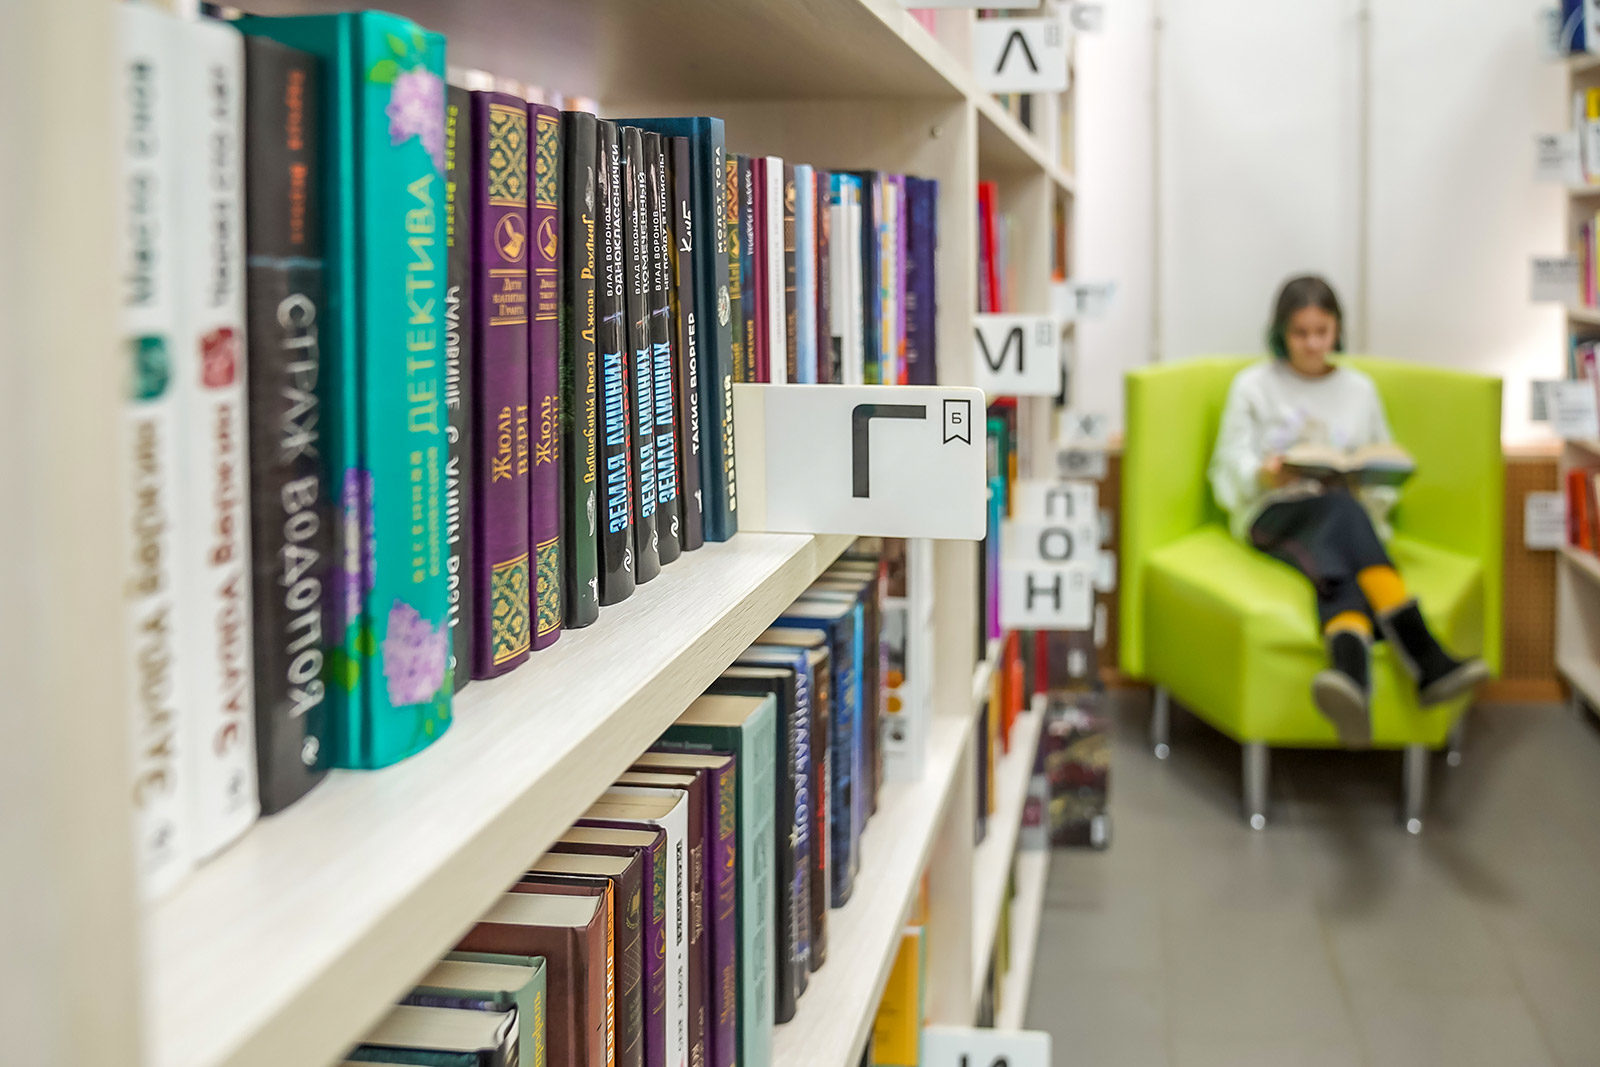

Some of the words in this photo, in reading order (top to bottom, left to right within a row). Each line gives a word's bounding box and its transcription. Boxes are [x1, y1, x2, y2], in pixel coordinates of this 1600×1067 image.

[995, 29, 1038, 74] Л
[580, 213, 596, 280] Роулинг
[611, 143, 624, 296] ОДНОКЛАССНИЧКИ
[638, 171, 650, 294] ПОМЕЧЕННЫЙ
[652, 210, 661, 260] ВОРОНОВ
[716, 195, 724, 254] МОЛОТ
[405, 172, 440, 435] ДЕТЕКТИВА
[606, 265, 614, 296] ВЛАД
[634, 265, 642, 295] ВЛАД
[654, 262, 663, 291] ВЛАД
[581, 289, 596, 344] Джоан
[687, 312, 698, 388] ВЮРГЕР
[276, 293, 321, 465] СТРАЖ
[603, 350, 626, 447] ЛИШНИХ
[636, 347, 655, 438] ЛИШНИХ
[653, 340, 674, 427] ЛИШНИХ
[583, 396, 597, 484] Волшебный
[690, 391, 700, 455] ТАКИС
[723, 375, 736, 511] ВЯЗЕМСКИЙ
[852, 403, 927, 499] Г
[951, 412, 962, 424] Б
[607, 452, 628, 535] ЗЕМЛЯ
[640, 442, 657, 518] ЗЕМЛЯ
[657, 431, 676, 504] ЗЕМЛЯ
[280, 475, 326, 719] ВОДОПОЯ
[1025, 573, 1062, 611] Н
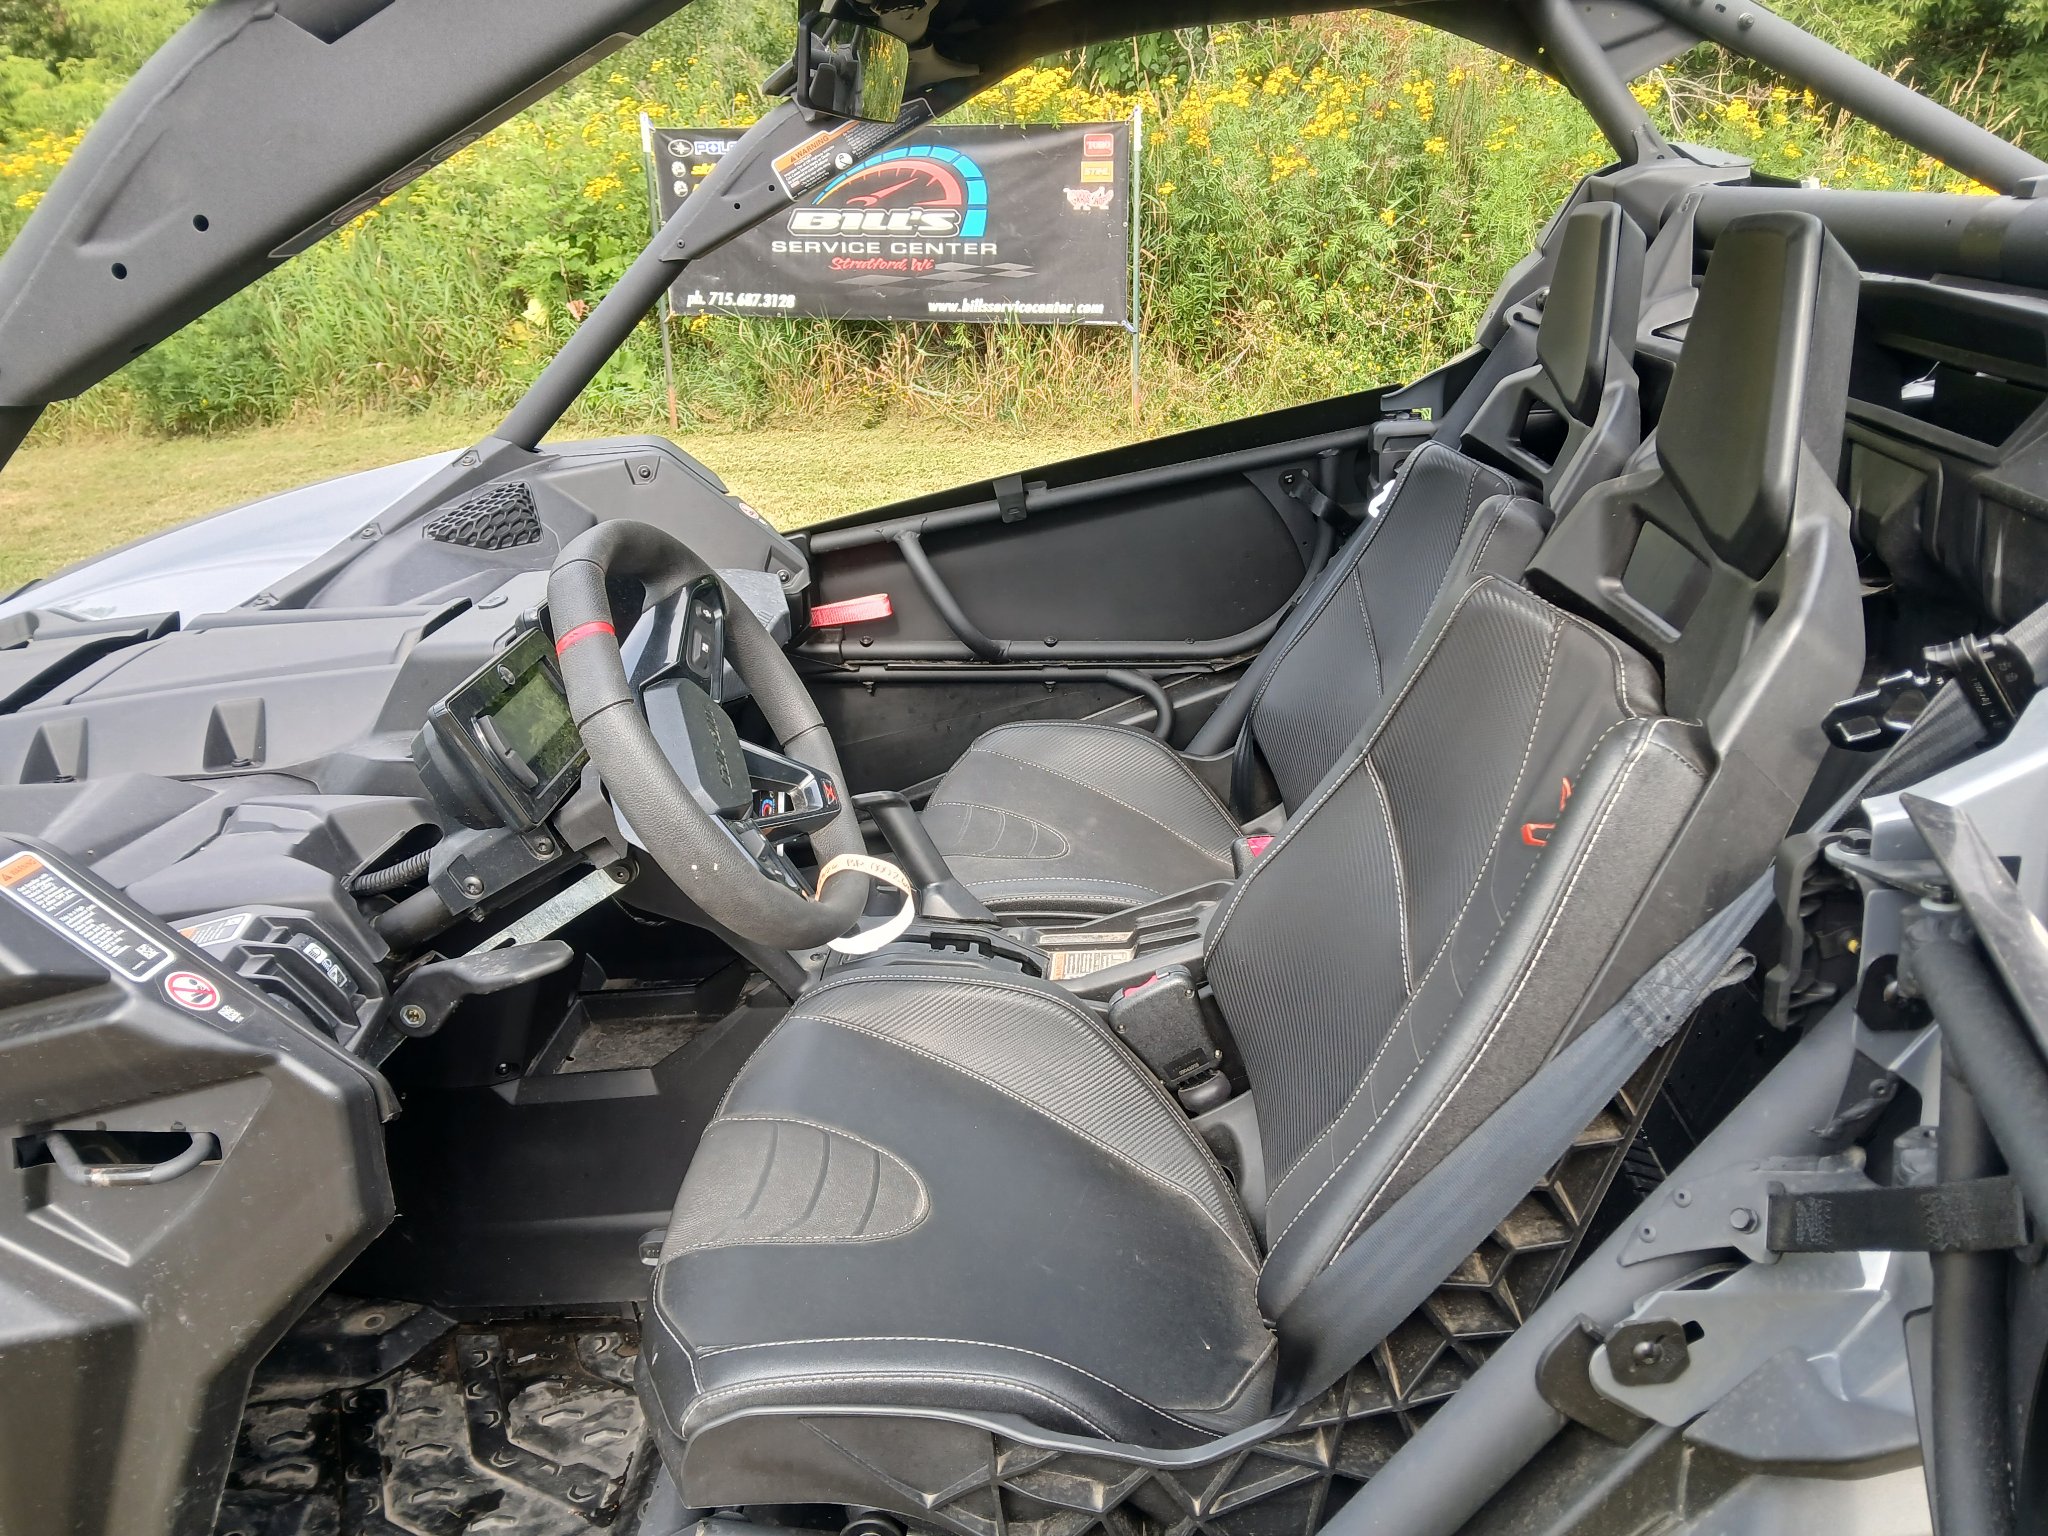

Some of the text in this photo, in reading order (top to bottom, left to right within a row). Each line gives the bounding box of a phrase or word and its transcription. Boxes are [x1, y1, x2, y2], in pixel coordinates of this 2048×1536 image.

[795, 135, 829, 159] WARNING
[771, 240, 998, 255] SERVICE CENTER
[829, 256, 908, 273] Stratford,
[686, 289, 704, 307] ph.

Task requirements: Your output should be an exact transcription of the line that holds "Some of the text" and each line after it through the end of the listing above.

Written solution:
Some of the text in this photo, in reading order (top to bottom, left to right within a row). Each line gives the bounding box of a phrase or word and its transcription. Boxes are [x1, y1, x2, y2], in pixel coordinates of this 2048×1536 image.

[795, 135, 829, 159] WARNING
[771, 240, 998, 255] SERVICE CENTER
[829, 256, 908, 273] Stratford,
[686, 289, 704, 307] ph.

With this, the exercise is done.